A Transition to Competition
The new strategy allowed for competition between ULA and new entrants to the EELV program as soon as the commercial launch companies can be certified for national security launches, the assistant secretary said. The restructure also allowed the Air Force to negotiate with and award ULA a contract for launch services using 36 EELV launch vehicles, called cores, over five years, she added.
“This contract award had two significant impacts,” McFarland said. “It effectively stabilized significant portions of the U.S. launch industrial base, and [it] saved the DoD and taxpayers more than $4.4 billion when compared to the fiscal year 2012 … budget baseline.”
The government requires commercial companies that want to use their vehicles for national security space launches to become certified launch providers, using systems that have undergone rigorous and repeated testing and mission assurance procedures with government oversight.
A Growing Market
Hyten said the commercial space-launch market is growing and that U.S. commercial companies want to invest in and compete for government national security launch contracts.
“The U.S. government now has an opportunity to leverage the commercial launch market more than we have in the past,” the general added, “to drive price points on the [national security] launch solution that would be more competitive for commercial launch.”
Another priority for DoD and the Air Force, he said, is to end the longtime use of the Russian RD-180 engine on the Atlas V expendable launch system.
“I fundamentally believe that every American rocket should be powered by an American engine,” Hyten told the panel. “It’s really that simple.”
Assured Access to Space
About 18 years ago, McFarland said, DoD selected the Atlas V with the Russian RD-180 engine as a cost-effective way to meet the national space transportation policy of assured access to space. In 1995, there were sound policy and cost-saving reasons for that decision, she added, but today the department is committed to efficiently and affordably eliminating its use of Russian propulsion systems.
In compliance with the fiscal year 2015 National Defense Authorization Act, which restricts the use of Russian RD-180 engines for ULA’s Atlas V rocket, McFarland said, “We have reevaluated our use of the Russian manufactured RD-180 rocket engine.”
McFarland said that as an initial step, the department reprogrammed $40 million to start engine risk-reduction activities, and that these funds, along with $220 million added by Congress in fiscal 2015 legislation, will finance critical work on rocket propulsion systems.

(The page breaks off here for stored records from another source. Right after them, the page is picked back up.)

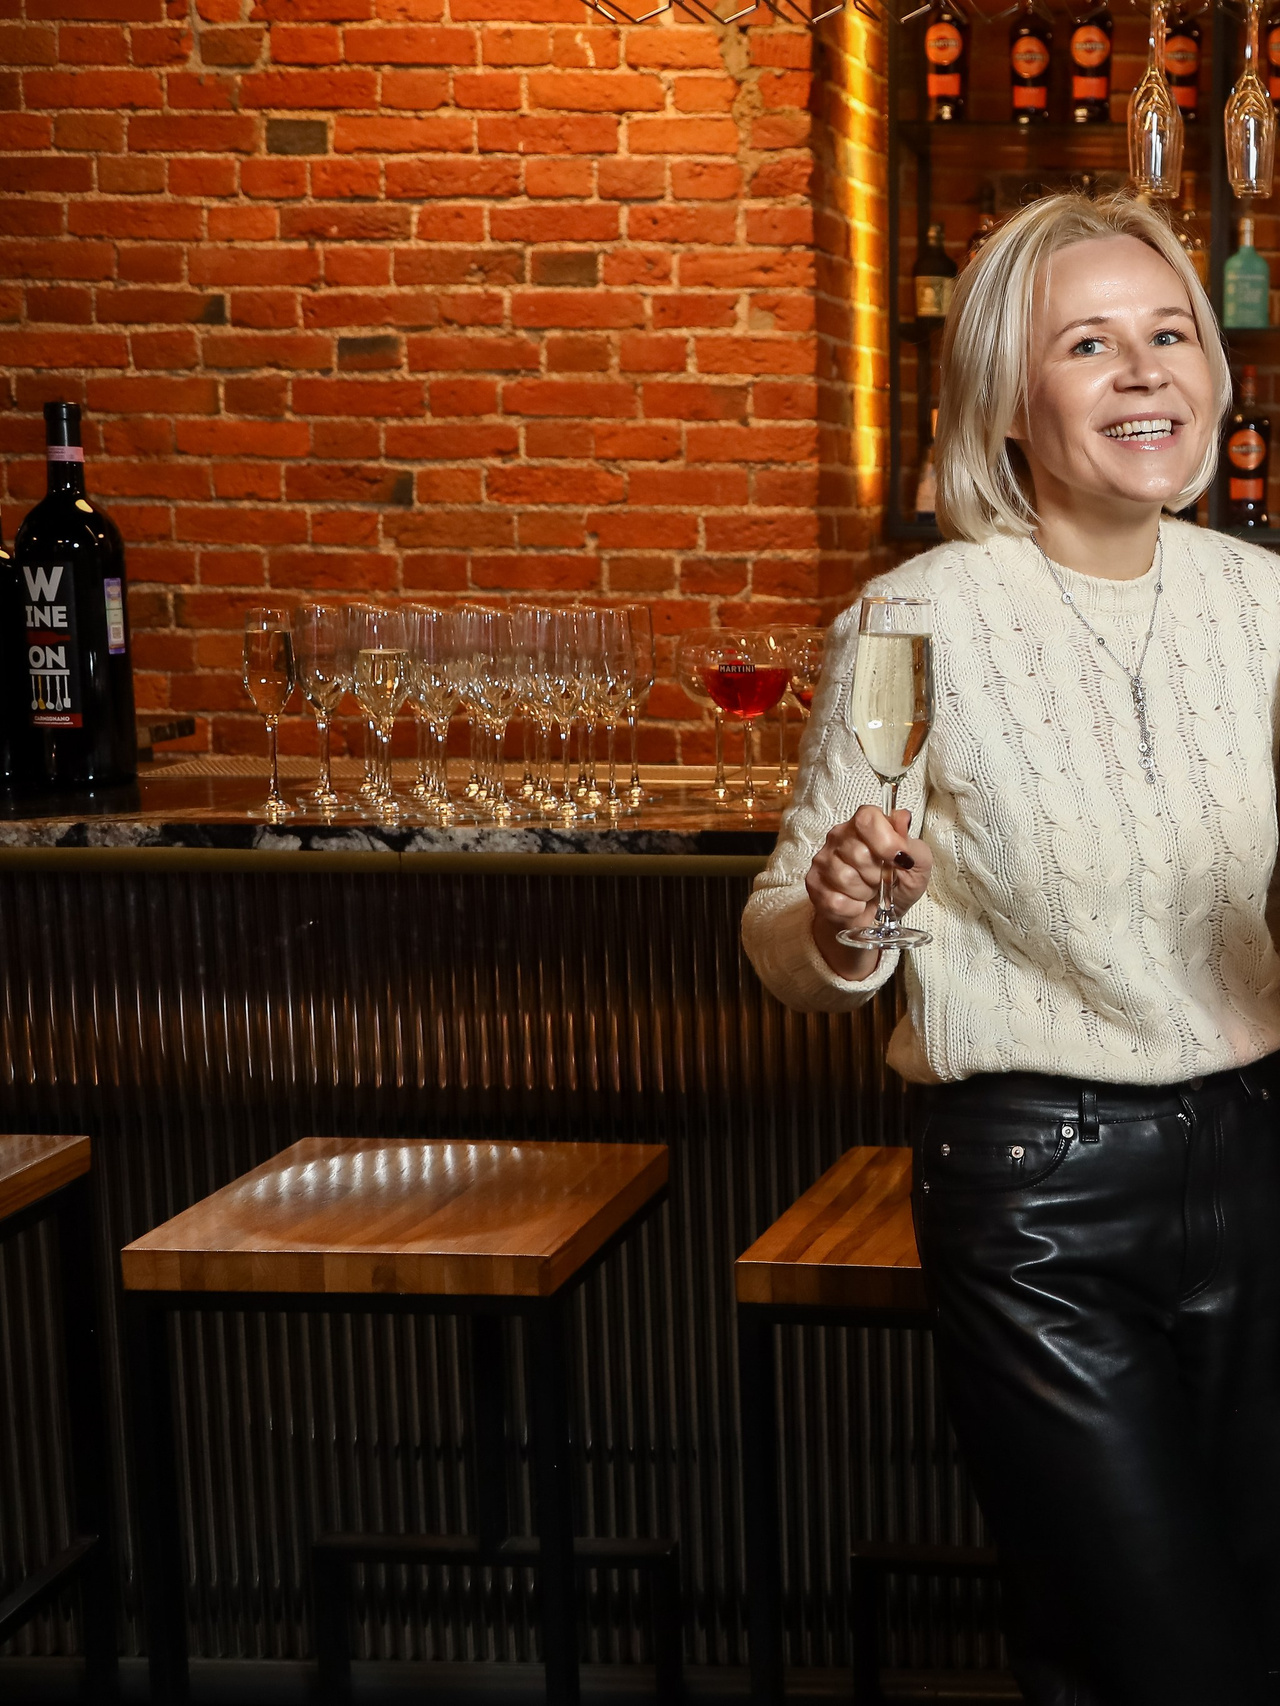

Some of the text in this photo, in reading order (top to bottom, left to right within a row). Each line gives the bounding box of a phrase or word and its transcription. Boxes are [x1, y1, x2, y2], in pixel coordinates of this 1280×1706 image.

[23, 566, 64, 602] W
[25, 605, 68, 628] INE
[28, 645, 66, 668] ON
[719, 665, 754, 673] MARTINI
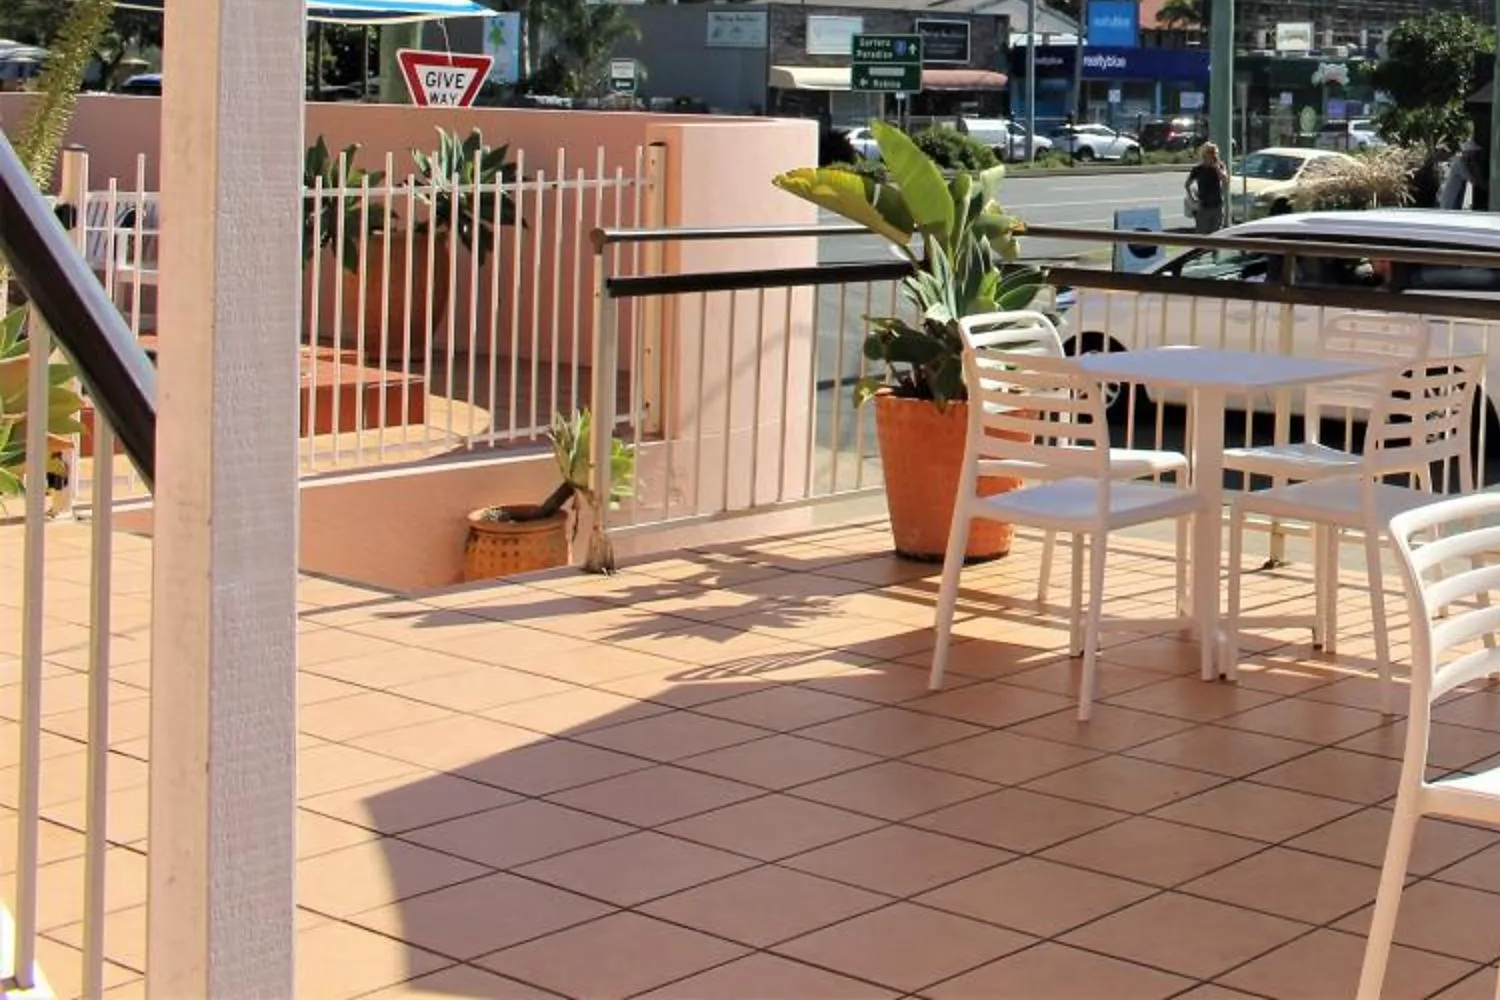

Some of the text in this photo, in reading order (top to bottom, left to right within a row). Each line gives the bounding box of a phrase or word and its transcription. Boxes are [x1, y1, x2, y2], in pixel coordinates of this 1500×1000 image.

[1083, 53, 1127, 71] realtyblue
[425, 71, 465, 89] GIVE
[430, 92, 459, 105] WAY

U.S. Rocket Propulsion Systems
LaPlante said the defense authorization act also directs the defense secretary to develop a U.S.-made rocket propulsion system no later than 2019. The Air Force agrees that it needs to transition off the RD-180 as quickly as possible, he said, but “the objective of 2019 is very aggressive and does not result in what is ultimately required — a launch vehicle and the supporting infrastructure so the Air Force can order launch services from industry.”
The act also prohibits the defense secretary from awarding or renewing an EELV contract if it is performed using Russian-made engines, with certain exceptions.
“This prohibition … delays meaningful competition until we reach our ultimate goal of two domestic, commercially competitive launch service providers able to support the entire national security space manifest,” LaPlante said.
DoD, Industry Partnership
LaPlante described a four-step approach to accomplish the goal, developed with input from industry.
It involves shared investment with industry in innovative public-private partnerships, he noted, selected through competition and able to support the entire national security launch manifest.
“We will continue to refine this approach as we gain further insight from expertise across government, academia and industry,” he said.